Essentially, a recurrent neural network takes in an input and past state. Then it emits an output and a new state. So it’s able to carry “memory” of previous inputs via the state variable.

LSTMs are a sophisticated type of RNN that are designed to have better gradient backpropagation.

GRUs are a weird variant of LSMs where the output and hidden state are the same. They should not work well, but for some reason they do.

How Seq2Seq works

It takes in a sentence in one language, which is passed through a series of RNN cells that update a state. Then, at the end of the sentence, the state is used to generate a translation of the sentence. Its “input” is just the last word, and it continues until hitting an end-of-sentence.
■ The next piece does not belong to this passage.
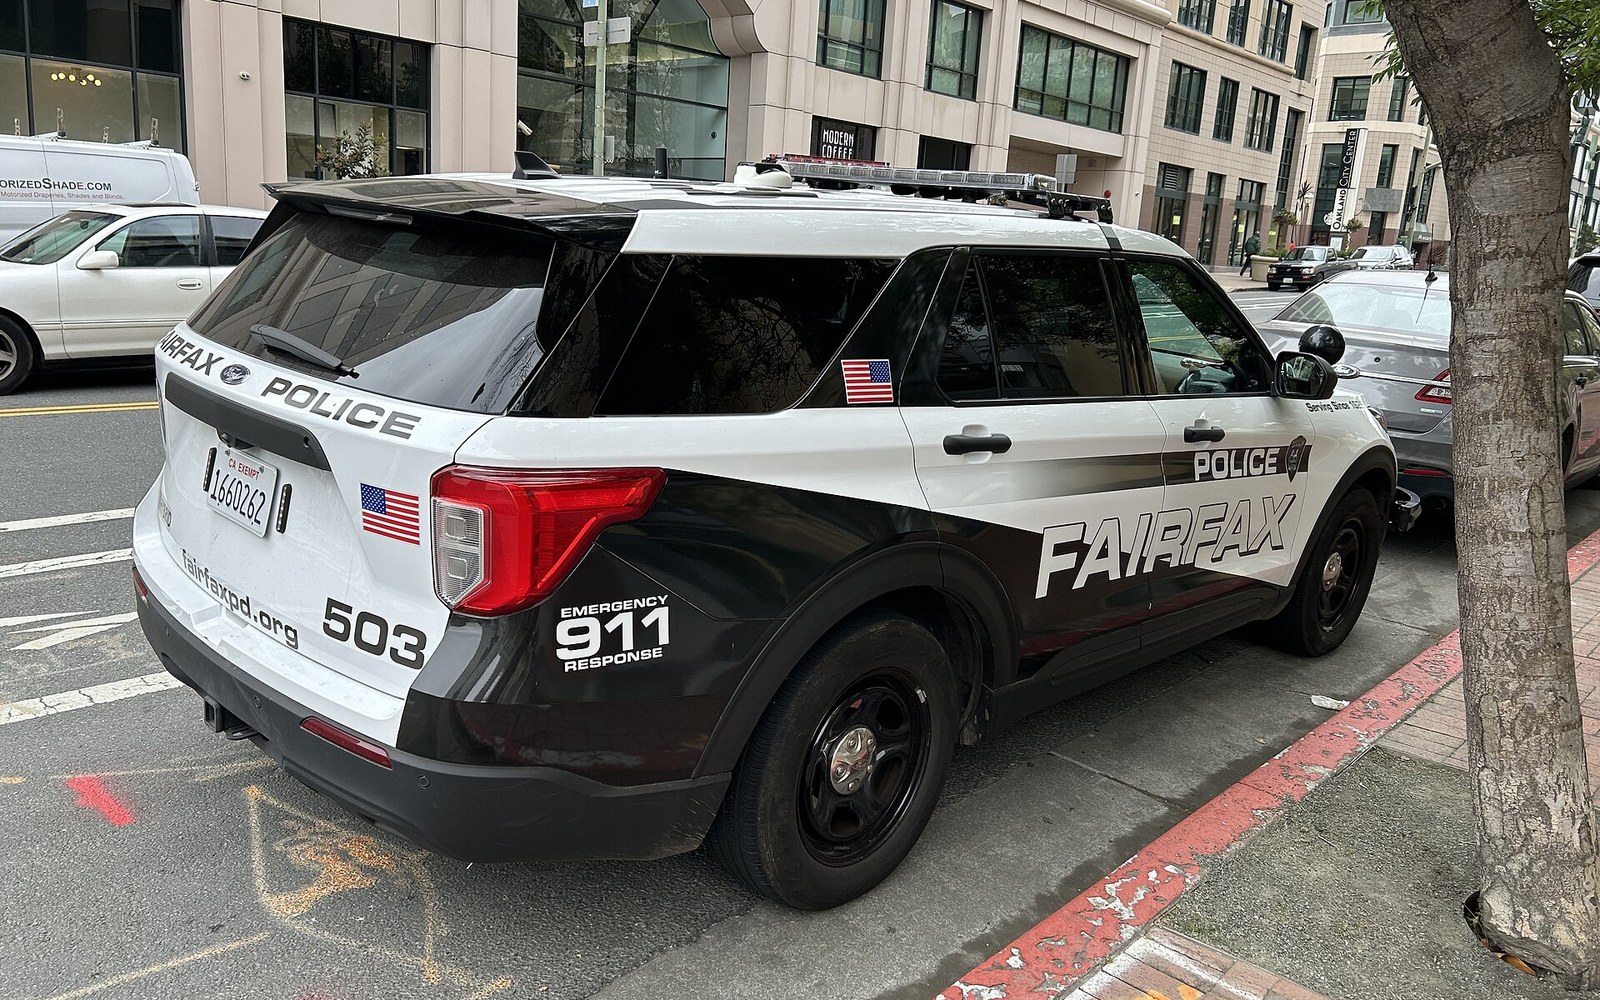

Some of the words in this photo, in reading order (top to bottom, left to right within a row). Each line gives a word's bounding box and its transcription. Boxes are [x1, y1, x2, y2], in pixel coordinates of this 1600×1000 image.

For some reason, it worked better when translating a sentence input backwards.

Attention

Attention is calculated over the input, then pointwise multiplied with the input. It allows the network to weight some features more heavily than others.

Seq2Seq tutorial

This is just to get started with Pytorch. Recommend using Google Colab.

Make sure to read over the code and understand what it’s doing. Some of the coding standards used aren’t ideal. For instance, at one point torch.bmm is used, where torch.matmul is the most general way of multiplying tensors (works with vectors, 2d and batched 3d tensors etc.).